The problem is that the above code will not compile. Specialization for all `CharT` will not be possible to be initialized with a literal like "m". Also, there is no generic mechanism to initialize all Unicode-based versions of the type with the same literal as each of them requires a different prefix (u8, u, U). Providing a specialization for every character type here is going to be a nightmare for library authors.

To solve the second problem fmt and chrono defined something called STATICALLY-WIDEN (http://wg21.link/time.general) but it seems that it is more a specification hack rather than the implementation technique. I call it a hack as it currently addresses only `char` and `wchar_t` and does not mention Unicode characters at all as of now.
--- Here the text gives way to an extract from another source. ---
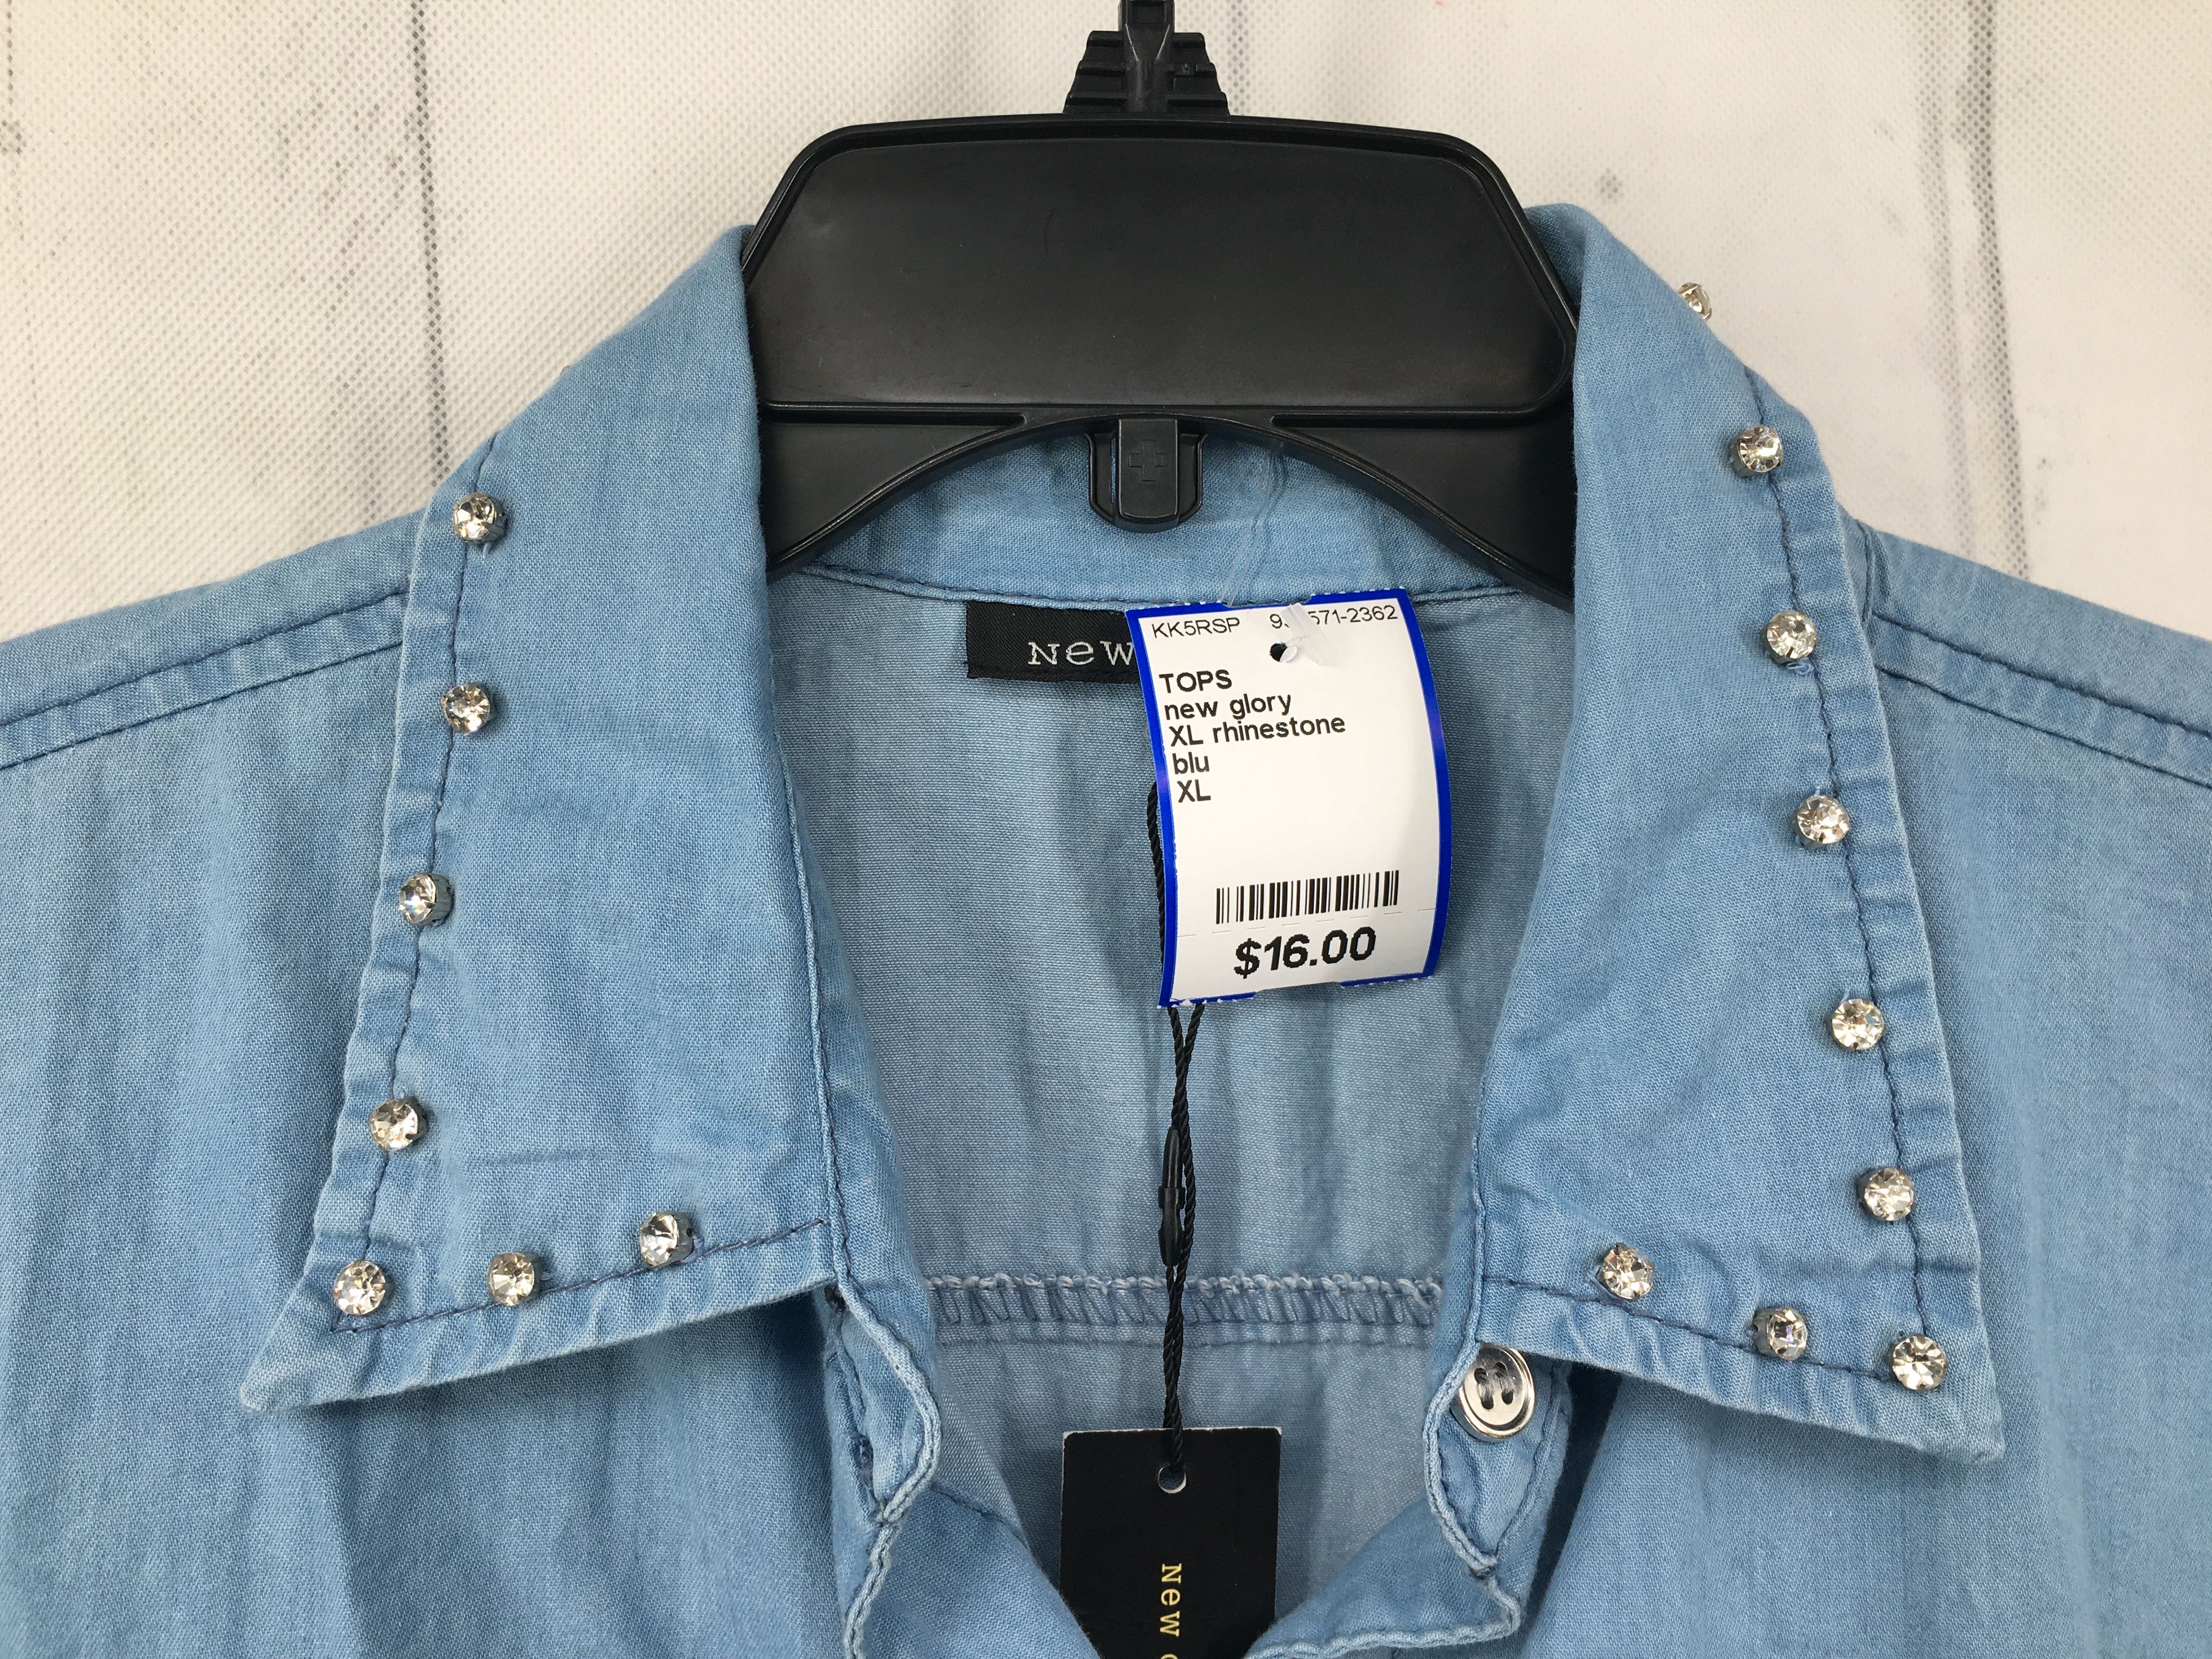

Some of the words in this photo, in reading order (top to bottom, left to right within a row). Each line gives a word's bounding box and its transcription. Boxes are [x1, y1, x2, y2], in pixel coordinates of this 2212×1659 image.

Dear SG16 members, do you have any BKMs or suggestions on how to write a library that is Unicode aware and safe in an easy and approachable way? Should we strive to provide a nice-looking representation of units for outputs that support Unicode (console, files, etc) or should we, as ever before, just support only `char` and `wchar_t` and ignore the existence of Unicode in C++?

Please keep in mind that the library is hoped to target C++23.